Argumenten van partijen

82.
    Verzoekster, ondersteund door De'Longhi, is van mening dat de Commissie een kennelijke beoordelingsfout heeft gemaakt door haar goedkeuring te hechten aan de verlening van tijdelijke (exclusieve) licenties in plaats van aan de opheffing van het merk Moulinex, aangezien de licentiehouders van het merk niet beschermd zijn tegen parallelinvoer van producten die SEB buiten het licentiegebied onder dit merk in de handel heeft gebracht.

83.
    Verzoekster wijst erop dat licenties hun houders naar gemeenschapsrecht binnen het licentiegebied geen absolute bescherming bieden tegen de eigenaar van het merk. Wanneer producten van het betrokken merk door de eigenaar van dit merk in de handel zijn gebracht in gebieden die deze voor zichzelf heeft gereserveerd, moeten deze producten vrijelijk binnen de Gemeenschap, en dus ook binnen het licentiegebied kunnen circuleren.

84.
    Het ontbreken van bescherming van de licentiehouder tegen parallelhandel in Moulinex-producten die door SEB zelfs gedurende de looptijd van de licentie op de markt zijn gebracht, doet in hoge mate afbreuk aan de werking van de licentie, die de licentiehouder in staat moet stellen om de goodwill van het merk Moulinex te exploiteren door bij de verkoop van zijn producten geleidelijk van het merk Moulinex over te schakelen naar zijn eigen merk.

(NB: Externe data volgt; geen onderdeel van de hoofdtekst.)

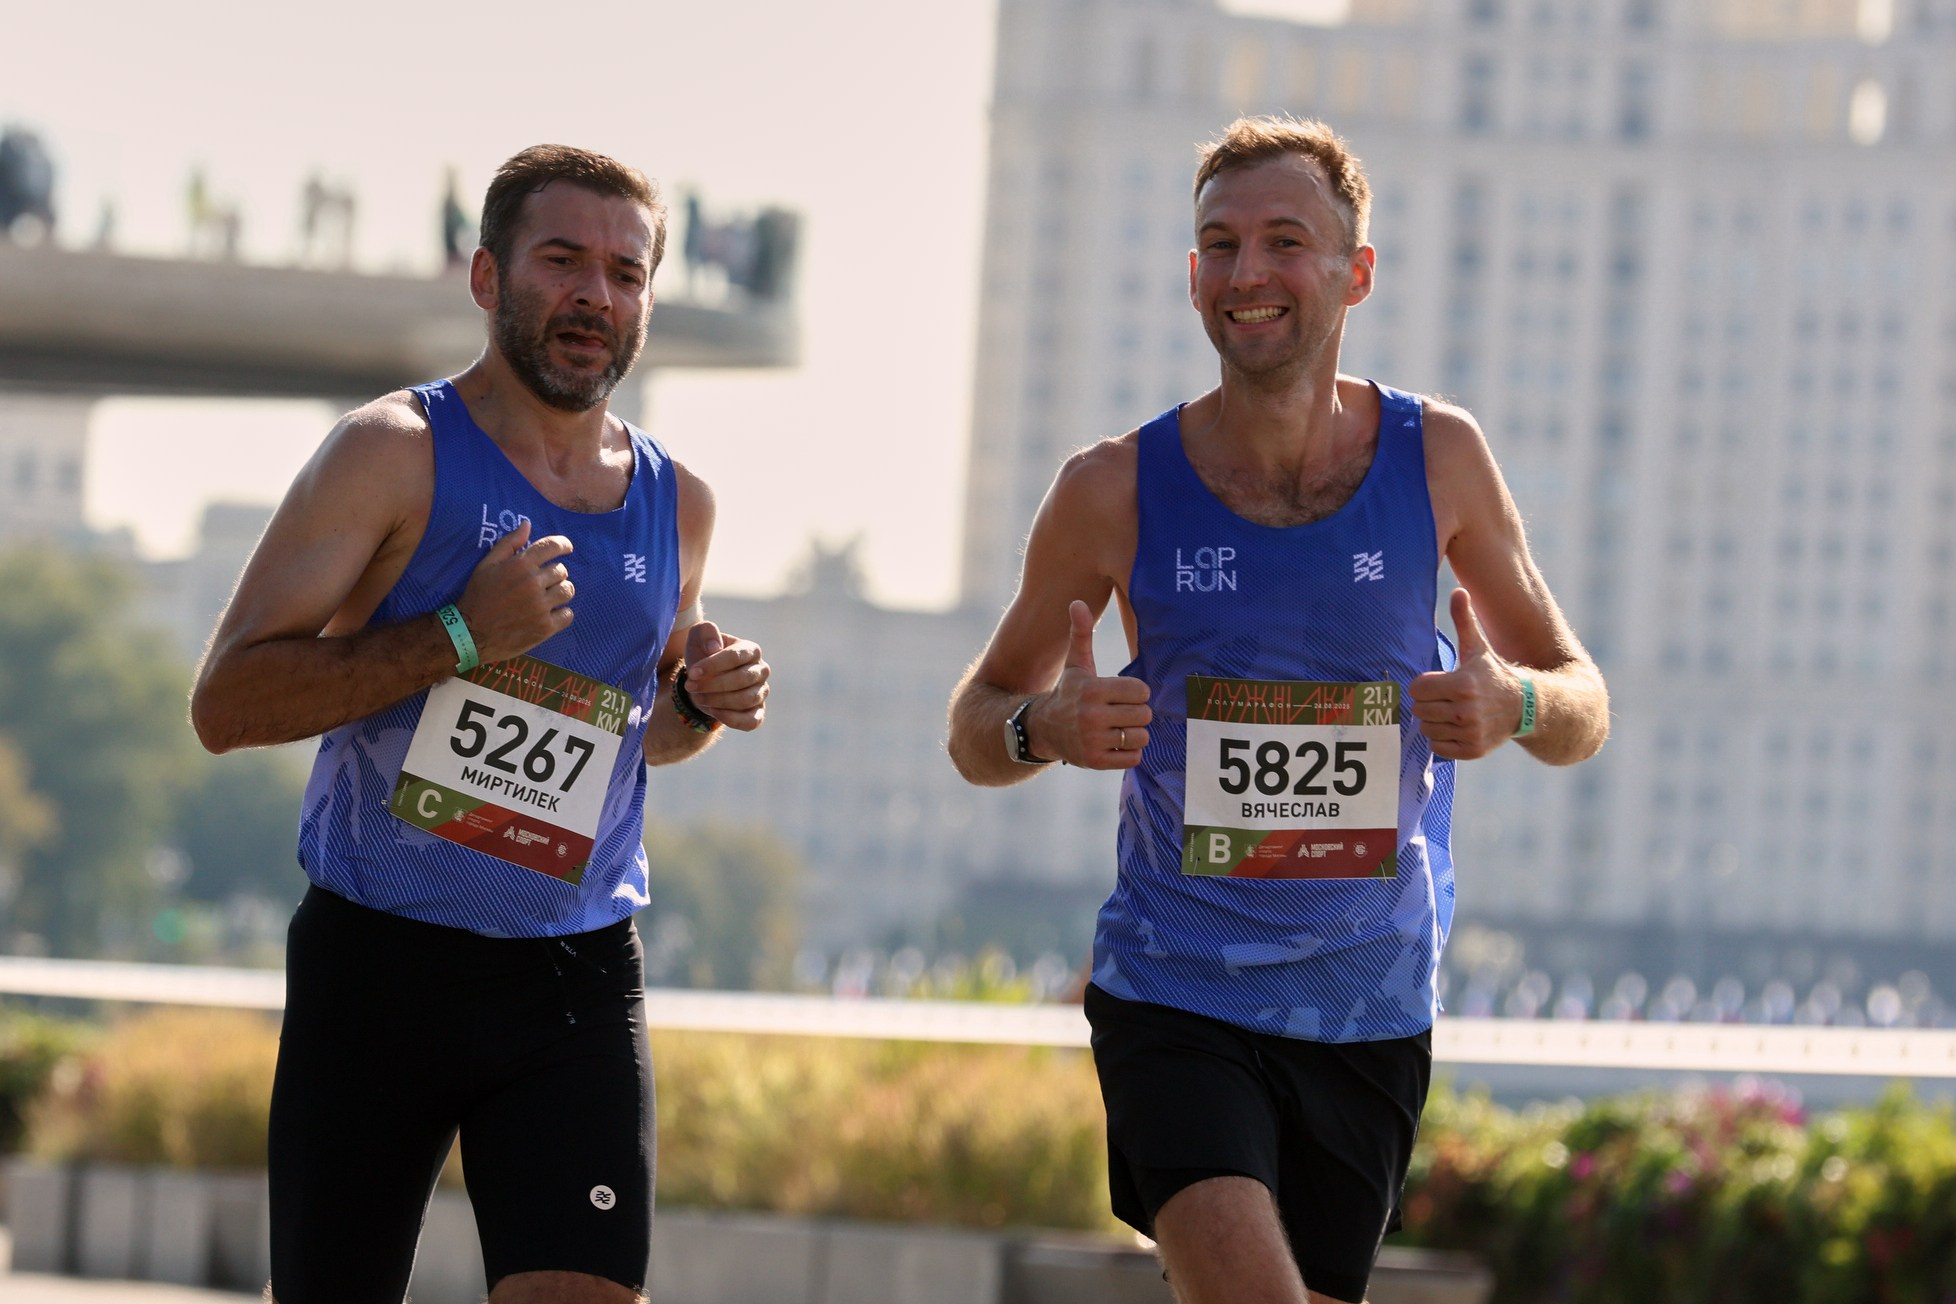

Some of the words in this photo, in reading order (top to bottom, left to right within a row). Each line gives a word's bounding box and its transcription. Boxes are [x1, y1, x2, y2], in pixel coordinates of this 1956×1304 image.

Hierdoor zal SEB na afloop van de door de verbintenissen opgelegde periode van niet-gebruik van het merk de afnemers die trouw zijn gebleven aan het merk Moulinex waarschijnlijk gemakkelijk kunnen terugwinnen.

85.
    In dit verband merkt verzoekster op dat hoewel de Commissie in voorkomend geval recente grensoverschrijdende verkopen van kleine elektrische huishoudelijke apparaten heeft onderzocht, zij zich nog niet heeft gebogen over de vraag in welke mate de voorgestelde verbintenissen parallelhandel in de hand kunnen werken.

86.
    Volledige territoriale bescherming kan volgens verzoekster alleen worden verkregen (en gerechtvaardigd) door de volledige en onherroepelijke opheffing van het merk Moulinex in die gebieden waar de verwerving van dit merk ernstige mededingingsproblemen opwerpt.

87.
    De Commissie, ondersteund door de Franse Republiek en SEB, concludeert tot afwijzing van deze argumenten van verzoekster.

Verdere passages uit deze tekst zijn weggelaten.